Outra consequência se dá em relação ao aporte de recursos financeiros, sendo que as discussões sobre o orçamento para a saúde envolvem tanto os pleitos por aumento de recursos para o sistema público, quanto os relativos à ampliação das isenções fiscais, créditos e anistias de dívidas para estabelecimentos e prestadores privados (BAHIA, 2009). O estímulo à aquisição de planos privados de saúde, especialmente pela legislação tributária, que permite a dedução destas despesas do imposto de renda, considerado um subsídio altamente regressivo, pode significar um enfraquecimento na capacidade de financiamento do SUS. Alia-se a isto a necessidade de uma regulação mais rígida na questão do ressarcimento ao SUS, quando os pacientes

com seguros privados utilizarem serviços públicos e a redefinição do papel do setor privado no SUS, para minimizar a competição entre os subsistemas (VICTORA et al., 2011; MENDES, 2012).

Percebe-se então que Estado e setor privado são, mesmo com composição variada, em função da adoção desta ou daquela política de saúde, inseparáveis na constituição do sistema de saúde brasileiro, destacando a participação governamental nesta configuração denominada “mix público-privado” (CECÍLIO et al., 2005).
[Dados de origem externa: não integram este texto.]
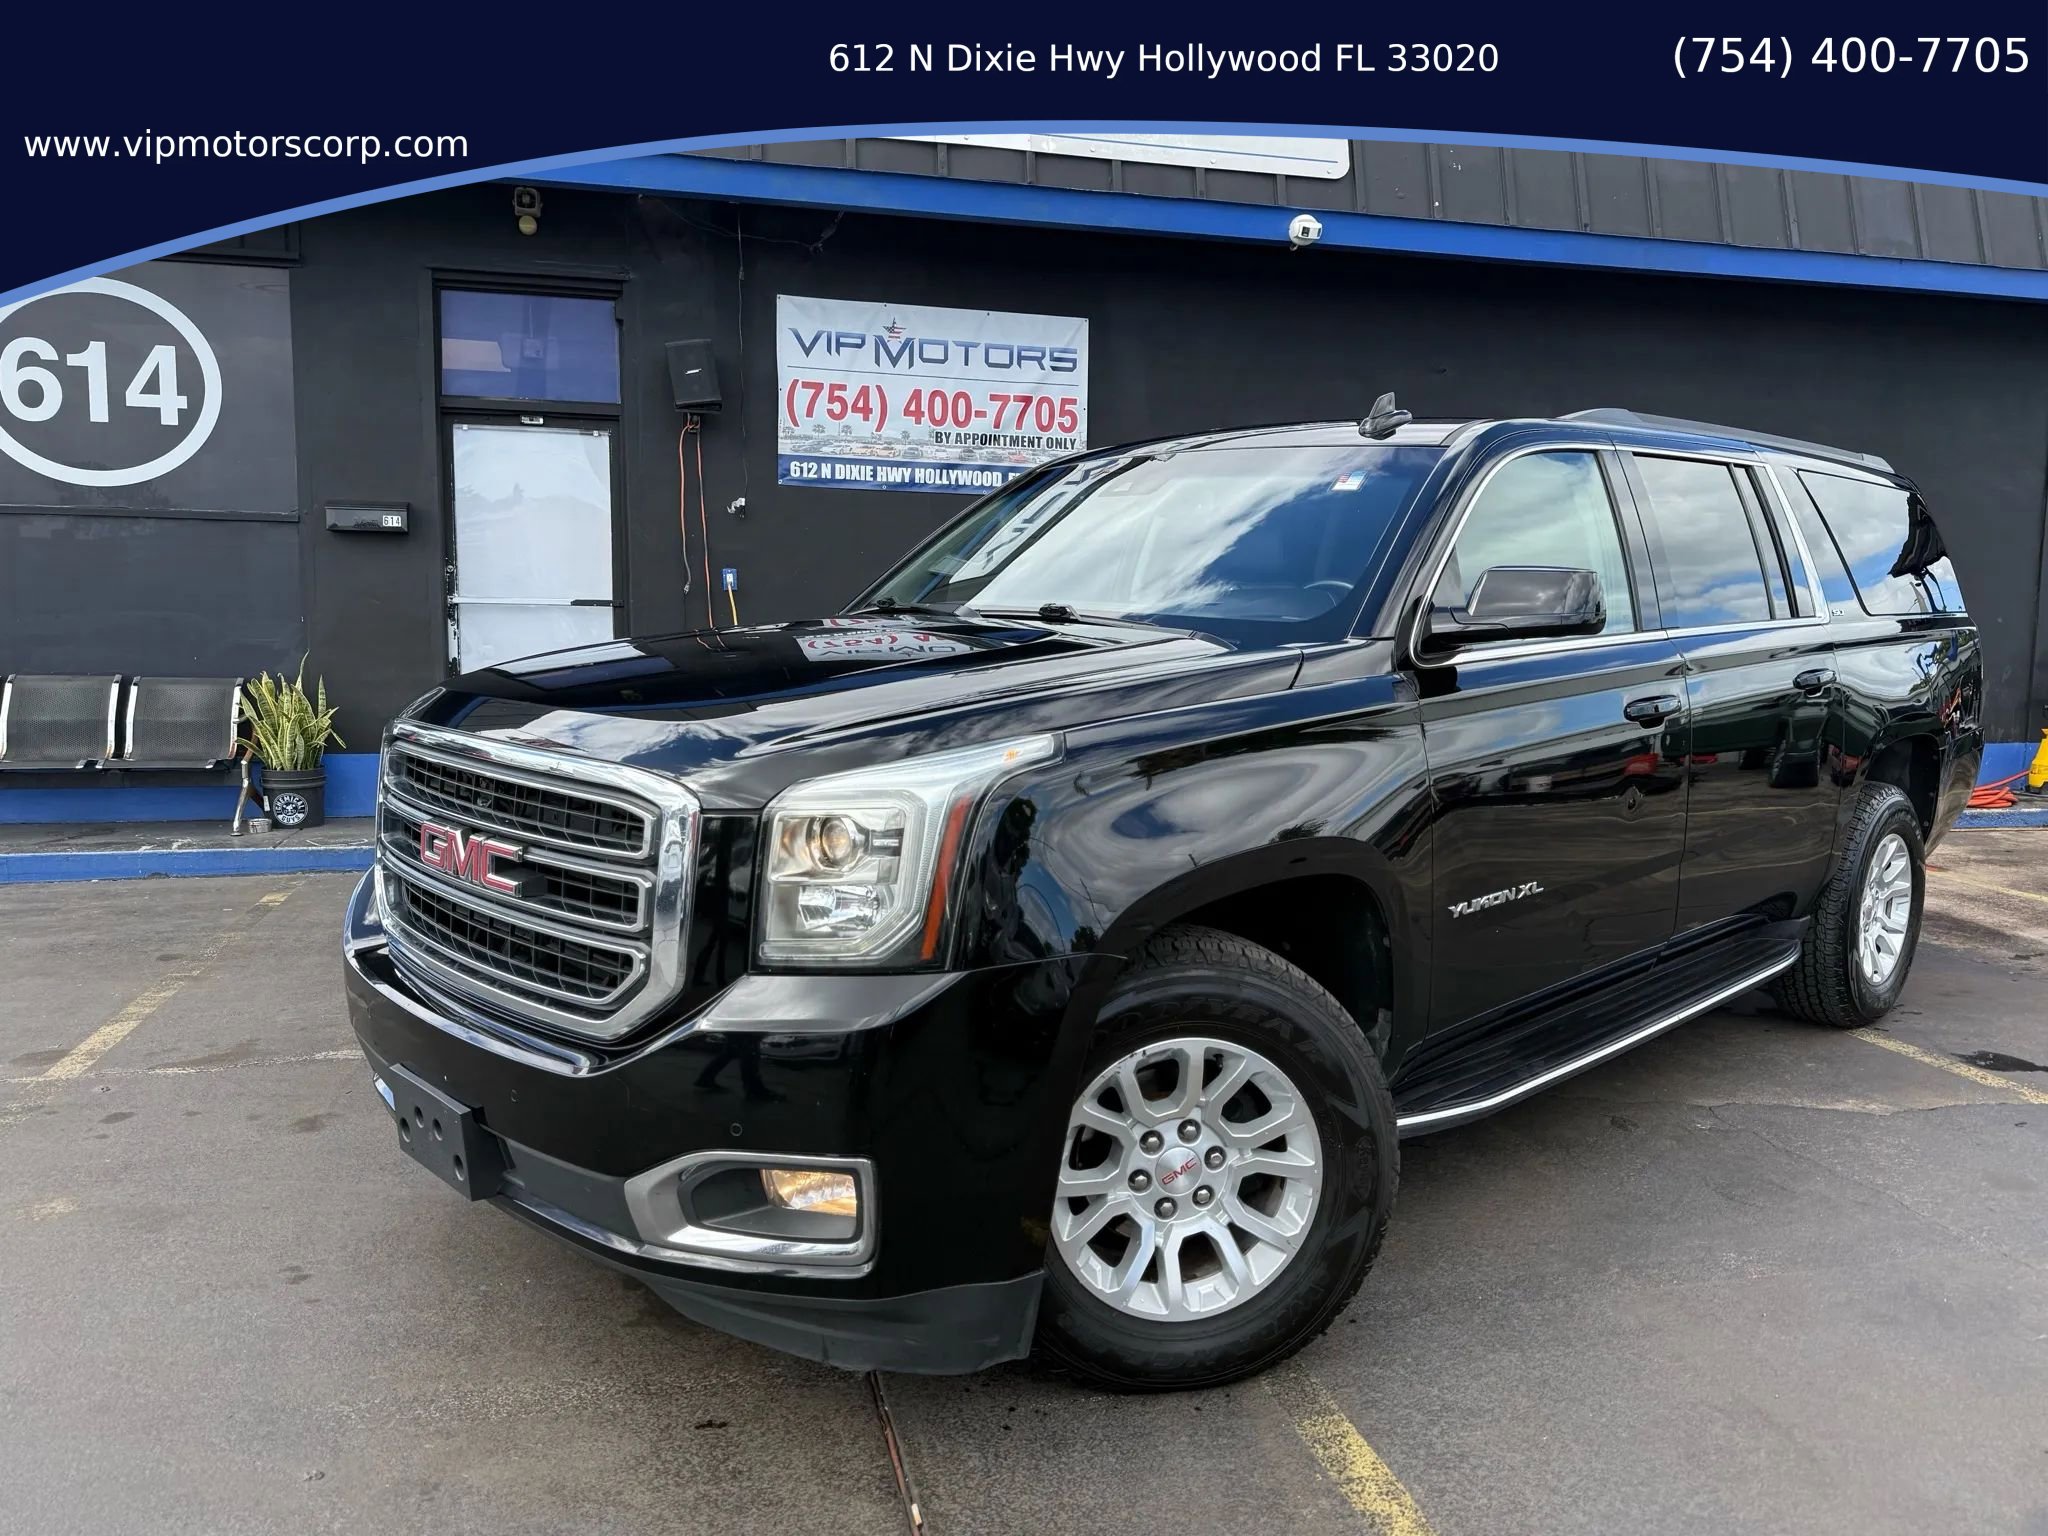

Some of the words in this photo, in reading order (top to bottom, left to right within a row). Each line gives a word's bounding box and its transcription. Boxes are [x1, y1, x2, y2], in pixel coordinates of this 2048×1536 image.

Esta interface, apesar de ter se consolidado no tempo, permanece como importante fonte de conflitos e contradições, sendo que interessa examinar o conjunto de estabelecimentos, equipamentos e profissionais que compõem a oferta de serviços para a população de modo a identificar os diversos arranjos que se estabelecem. Mas, principalmente, é preciso reconhecer a sua interdependência e a importância do mapeamento de sua configuração atual para que seja possível propor melhores rumos (CORDEIRO et al., 2010).

Em resumo, restam importantes lacunas para a reflexão sobre a interface SUS-planos privados de saúde, e as complexas dimensões do mix público-privado da saúde no Brasil estão ainda por serem adequadamente enfrentadas, sendo que o cenário aponta para a necessidade de construção de um processo regulatório que possa fazer prevalecer o interesse público na garantia dos princípios constitutivos do sistema de saúde. No sentido da efetivação do direito à saúde, significa estabelecer imites ao processo de apropriação privada do espaço público na assistência à saúde de forma que o setor de planos privados privado se ativesse aos aspectos de fato suplementares a um sistema integral e efetivo (BAHIA, 2001; CORDEIRO et al., 2010; VICTORA et al., 2011; SESTELO; SOUZA; BAHIA, 2013).